(EXERCISE REQUIREMENTS)
Copy out the listing below exactly, please, and skip any pictures.

(RAW DATA)
++++

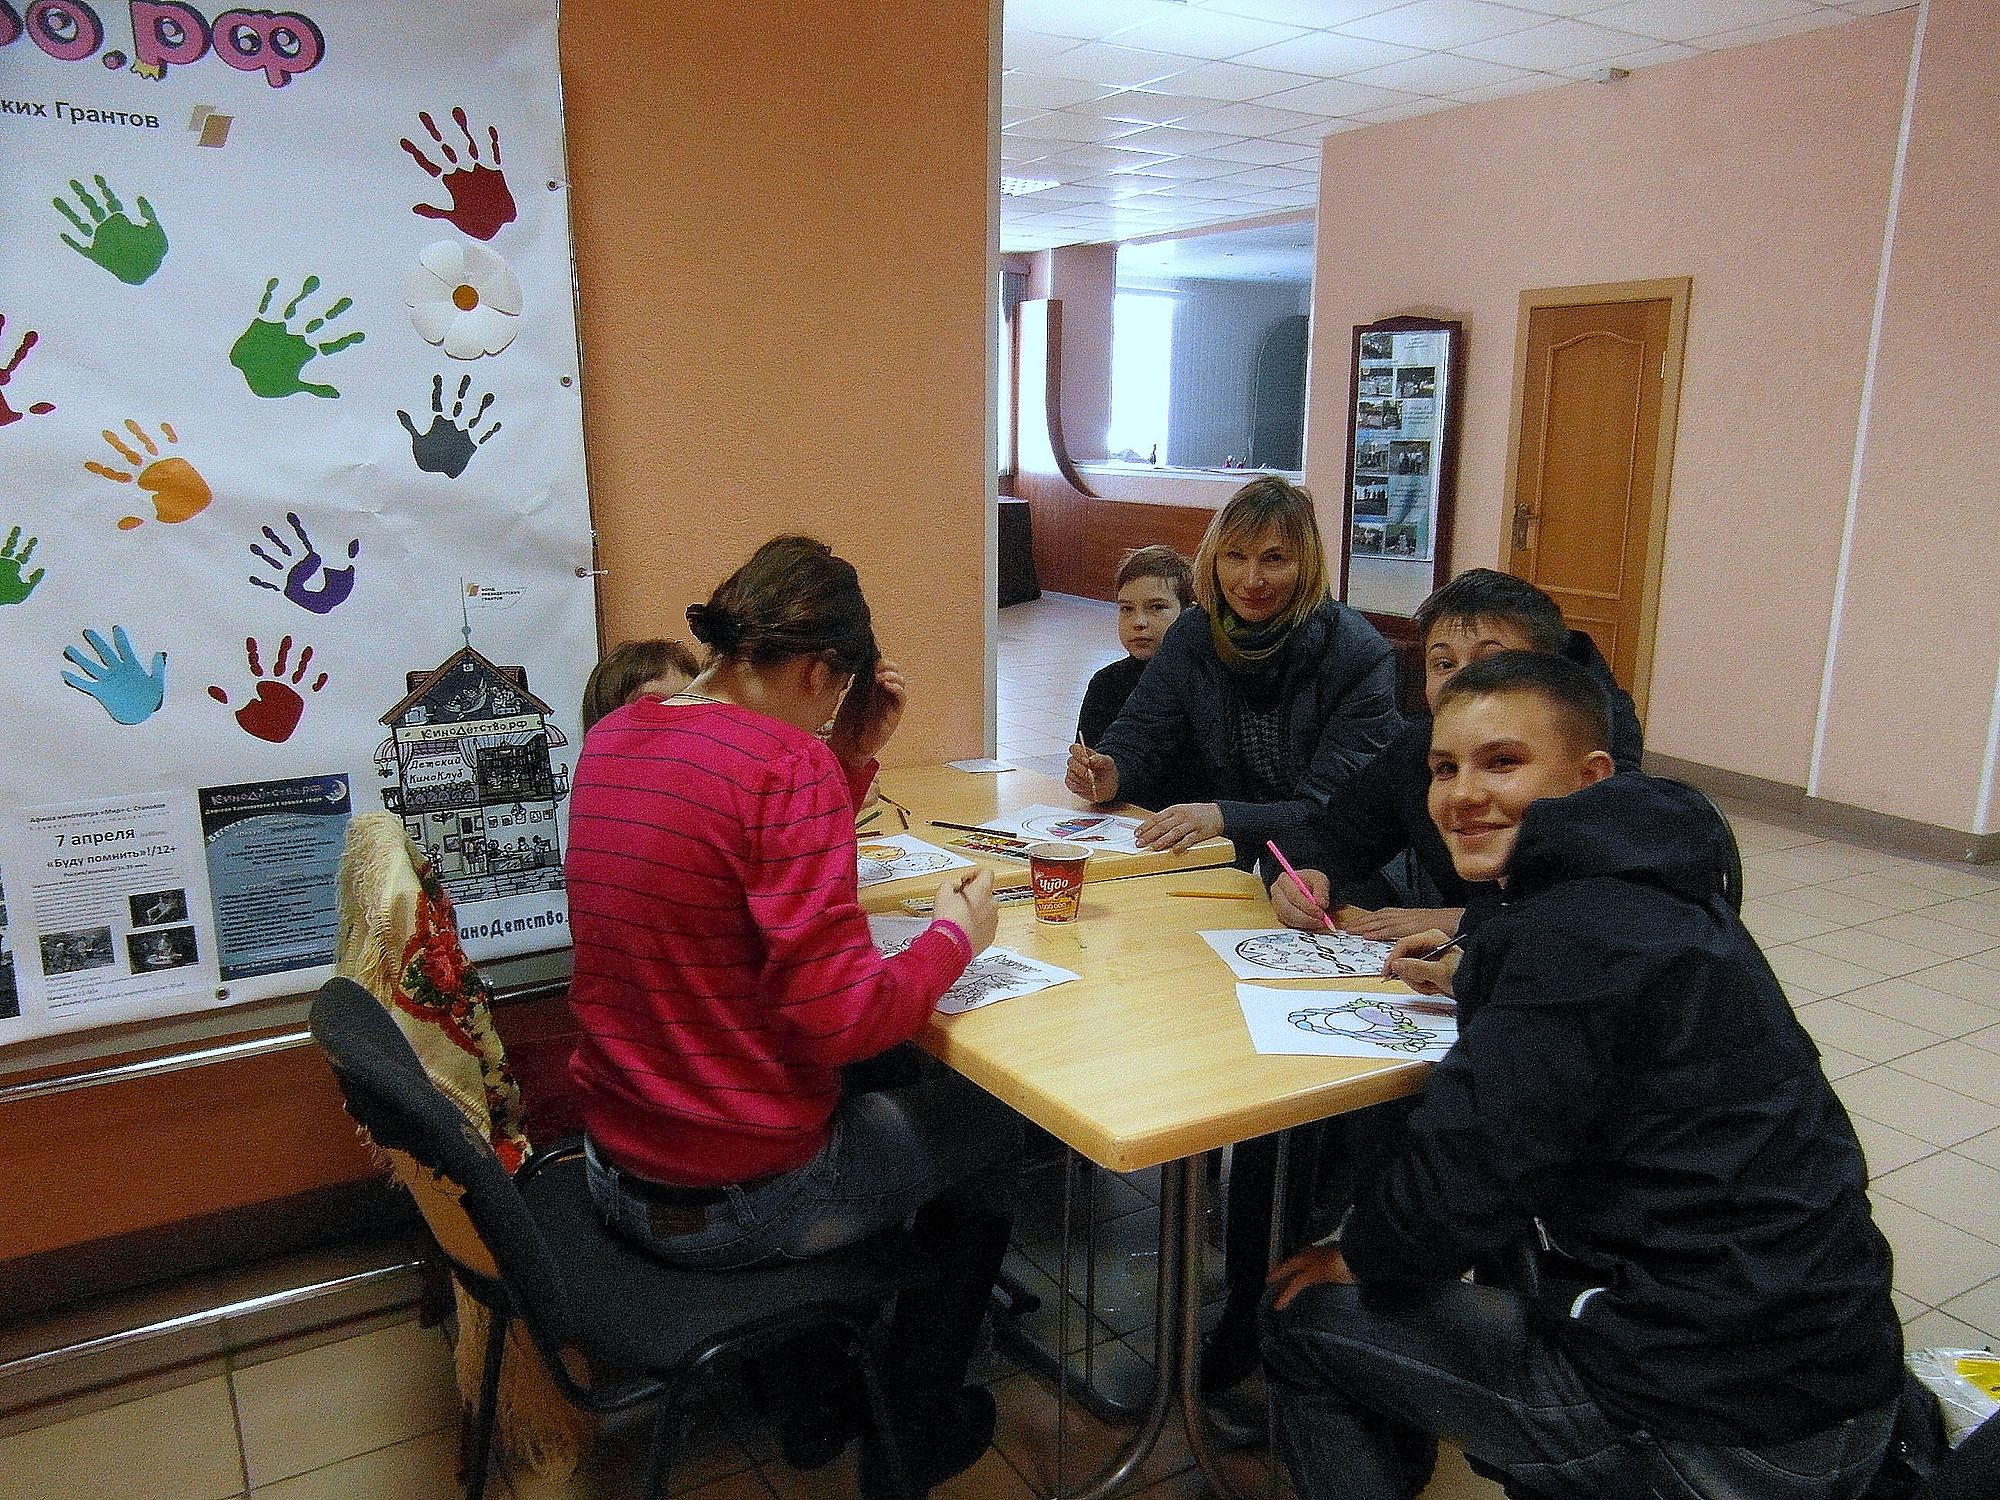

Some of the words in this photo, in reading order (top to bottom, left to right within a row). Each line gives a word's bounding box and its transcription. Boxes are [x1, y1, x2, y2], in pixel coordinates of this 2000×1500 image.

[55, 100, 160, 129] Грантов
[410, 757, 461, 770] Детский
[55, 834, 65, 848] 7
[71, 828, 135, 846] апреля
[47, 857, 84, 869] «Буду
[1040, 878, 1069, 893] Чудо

++++

(SOLUTION TO THIS EXERCISE)
Some of the words in this photo, in reading order (top to bottom, left to right within a row). Each line gives a word's bounding box and its transcription. Boxes are [x1, y1, x2, y2], in pixel coordinates of this 2000×1500 image.

[55, 100, 160, 129] Грантов
[410, 757, 461, 770] Детский
[55, 834, 65, 848] 7
[71, 828, 135, 846] апреля
[47, 857, 84, 869] «Буду
[1040, 878, 1069, 893] Чудо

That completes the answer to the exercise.